__Directions for this task__.
From the line containing "this 1344×1512 image." onward, every line of the entries is to be set down exactly, the last line included.

(Collected data entries)
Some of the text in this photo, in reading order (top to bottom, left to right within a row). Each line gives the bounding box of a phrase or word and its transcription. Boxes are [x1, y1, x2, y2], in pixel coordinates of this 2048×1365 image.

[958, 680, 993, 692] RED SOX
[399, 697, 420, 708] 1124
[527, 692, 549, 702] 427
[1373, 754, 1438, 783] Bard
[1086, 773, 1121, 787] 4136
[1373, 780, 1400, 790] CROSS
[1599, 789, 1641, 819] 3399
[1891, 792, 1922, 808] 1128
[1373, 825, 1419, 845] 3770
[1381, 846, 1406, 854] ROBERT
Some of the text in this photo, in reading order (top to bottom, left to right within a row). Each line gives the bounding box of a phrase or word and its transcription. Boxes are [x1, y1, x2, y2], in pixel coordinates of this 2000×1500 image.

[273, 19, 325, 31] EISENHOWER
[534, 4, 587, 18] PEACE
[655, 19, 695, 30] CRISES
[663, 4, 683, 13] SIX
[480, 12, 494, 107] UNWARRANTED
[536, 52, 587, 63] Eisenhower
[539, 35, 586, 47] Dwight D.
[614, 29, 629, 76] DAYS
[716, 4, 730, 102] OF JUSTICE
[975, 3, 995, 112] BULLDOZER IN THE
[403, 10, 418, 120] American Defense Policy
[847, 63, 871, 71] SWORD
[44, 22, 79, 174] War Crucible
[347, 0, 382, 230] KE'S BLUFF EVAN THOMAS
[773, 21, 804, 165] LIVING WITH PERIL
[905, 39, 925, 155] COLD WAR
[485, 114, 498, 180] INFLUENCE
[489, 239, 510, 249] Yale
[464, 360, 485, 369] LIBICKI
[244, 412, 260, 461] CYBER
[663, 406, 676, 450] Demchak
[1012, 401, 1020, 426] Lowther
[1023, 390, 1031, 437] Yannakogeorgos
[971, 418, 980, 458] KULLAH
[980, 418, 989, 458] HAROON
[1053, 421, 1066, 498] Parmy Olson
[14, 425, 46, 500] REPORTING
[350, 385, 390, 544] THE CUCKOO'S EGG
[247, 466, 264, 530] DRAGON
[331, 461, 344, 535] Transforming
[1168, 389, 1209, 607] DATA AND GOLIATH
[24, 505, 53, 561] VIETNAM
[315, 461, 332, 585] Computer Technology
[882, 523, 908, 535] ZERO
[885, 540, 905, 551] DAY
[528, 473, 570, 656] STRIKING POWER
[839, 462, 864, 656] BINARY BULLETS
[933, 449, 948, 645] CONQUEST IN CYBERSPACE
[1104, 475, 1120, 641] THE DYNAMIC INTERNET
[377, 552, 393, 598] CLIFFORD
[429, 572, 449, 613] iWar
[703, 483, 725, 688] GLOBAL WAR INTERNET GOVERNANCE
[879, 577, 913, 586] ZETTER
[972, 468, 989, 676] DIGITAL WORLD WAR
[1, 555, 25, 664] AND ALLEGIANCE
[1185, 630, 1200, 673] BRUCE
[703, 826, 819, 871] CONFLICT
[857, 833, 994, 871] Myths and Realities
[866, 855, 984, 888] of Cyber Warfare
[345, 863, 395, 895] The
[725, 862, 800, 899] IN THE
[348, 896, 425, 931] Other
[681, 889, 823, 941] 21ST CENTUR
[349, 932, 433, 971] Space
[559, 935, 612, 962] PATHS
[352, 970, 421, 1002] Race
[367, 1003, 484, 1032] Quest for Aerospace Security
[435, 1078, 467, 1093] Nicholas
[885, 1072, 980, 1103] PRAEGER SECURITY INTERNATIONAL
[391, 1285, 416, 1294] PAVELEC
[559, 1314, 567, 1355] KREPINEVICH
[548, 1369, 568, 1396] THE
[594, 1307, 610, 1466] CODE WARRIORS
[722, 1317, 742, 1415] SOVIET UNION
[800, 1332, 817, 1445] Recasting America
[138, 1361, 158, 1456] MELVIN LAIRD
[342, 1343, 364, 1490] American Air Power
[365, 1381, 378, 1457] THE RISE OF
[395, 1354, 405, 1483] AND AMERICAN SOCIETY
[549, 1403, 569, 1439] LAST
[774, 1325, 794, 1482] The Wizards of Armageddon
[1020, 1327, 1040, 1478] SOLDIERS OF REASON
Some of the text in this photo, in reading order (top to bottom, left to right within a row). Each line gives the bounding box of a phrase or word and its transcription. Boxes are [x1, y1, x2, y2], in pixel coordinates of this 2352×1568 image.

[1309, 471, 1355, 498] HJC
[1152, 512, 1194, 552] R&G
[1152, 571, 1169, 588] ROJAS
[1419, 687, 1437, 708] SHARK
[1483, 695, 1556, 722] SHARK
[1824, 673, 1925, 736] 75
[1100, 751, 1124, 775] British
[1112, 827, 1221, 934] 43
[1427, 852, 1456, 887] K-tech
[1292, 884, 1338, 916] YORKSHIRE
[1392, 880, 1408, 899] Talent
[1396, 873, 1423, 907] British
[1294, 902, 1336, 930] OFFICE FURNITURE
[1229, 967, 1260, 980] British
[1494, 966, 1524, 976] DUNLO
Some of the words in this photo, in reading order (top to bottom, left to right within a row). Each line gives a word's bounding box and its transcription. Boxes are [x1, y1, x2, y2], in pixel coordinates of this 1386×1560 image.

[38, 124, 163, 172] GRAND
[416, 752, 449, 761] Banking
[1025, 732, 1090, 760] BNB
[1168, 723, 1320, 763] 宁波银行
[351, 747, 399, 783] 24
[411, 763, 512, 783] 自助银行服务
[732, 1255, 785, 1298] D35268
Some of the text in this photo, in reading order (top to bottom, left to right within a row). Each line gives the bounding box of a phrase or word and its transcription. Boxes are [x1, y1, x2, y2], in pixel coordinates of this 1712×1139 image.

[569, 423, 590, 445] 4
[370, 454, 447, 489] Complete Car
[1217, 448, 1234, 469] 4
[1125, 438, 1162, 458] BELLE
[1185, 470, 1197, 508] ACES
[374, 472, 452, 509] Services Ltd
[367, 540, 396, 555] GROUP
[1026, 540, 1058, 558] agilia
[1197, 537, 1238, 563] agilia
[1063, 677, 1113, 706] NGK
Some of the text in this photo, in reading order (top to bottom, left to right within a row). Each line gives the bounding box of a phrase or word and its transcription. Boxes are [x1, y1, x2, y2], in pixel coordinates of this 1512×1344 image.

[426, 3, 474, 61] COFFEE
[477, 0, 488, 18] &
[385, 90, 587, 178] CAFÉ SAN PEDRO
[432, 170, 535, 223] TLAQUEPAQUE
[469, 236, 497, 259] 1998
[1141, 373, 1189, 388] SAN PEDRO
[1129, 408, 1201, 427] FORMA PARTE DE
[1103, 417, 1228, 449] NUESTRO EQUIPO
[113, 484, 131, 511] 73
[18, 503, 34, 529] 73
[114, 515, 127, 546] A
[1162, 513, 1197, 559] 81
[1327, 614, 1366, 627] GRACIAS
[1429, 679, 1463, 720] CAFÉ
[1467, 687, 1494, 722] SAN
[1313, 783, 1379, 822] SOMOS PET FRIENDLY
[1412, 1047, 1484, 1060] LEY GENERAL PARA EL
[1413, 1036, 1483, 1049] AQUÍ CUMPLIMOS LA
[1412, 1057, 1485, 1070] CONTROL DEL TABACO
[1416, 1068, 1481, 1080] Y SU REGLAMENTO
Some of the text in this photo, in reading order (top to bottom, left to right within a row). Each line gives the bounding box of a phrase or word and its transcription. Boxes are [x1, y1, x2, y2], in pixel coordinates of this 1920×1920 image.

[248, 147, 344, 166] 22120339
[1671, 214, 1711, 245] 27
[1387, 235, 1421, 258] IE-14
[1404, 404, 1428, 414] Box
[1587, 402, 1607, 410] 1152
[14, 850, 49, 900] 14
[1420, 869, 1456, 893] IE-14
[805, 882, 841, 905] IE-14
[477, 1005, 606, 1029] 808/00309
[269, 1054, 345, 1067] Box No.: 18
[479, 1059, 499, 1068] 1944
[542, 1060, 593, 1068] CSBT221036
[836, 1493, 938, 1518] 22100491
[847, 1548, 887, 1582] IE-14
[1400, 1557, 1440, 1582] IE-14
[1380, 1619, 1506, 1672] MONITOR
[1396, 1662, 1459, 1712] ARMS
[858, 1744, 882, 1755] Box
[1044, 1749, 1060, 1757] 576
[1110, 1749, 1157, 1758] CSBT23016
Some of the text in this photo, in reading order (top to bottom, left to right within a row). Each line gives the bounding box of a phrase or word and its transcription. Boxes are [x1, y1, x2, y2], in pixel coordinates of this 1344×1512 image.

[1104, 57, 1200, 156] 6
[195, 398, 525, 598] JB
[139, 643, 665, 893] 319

__Solution to this exercise__.
Some of the text in this photo, in reading order (top to bottom, left to right within a row). Each line gives the bounding box of a phrase or word and its transcription. Boxes are [x1, y1, x2, y2], in pixel coordinates of this 1344×1512 image.

[1104, 57, 1200, 156] 6
[195, 398, 525, 598] JB
[139, 643, 665, 893] 319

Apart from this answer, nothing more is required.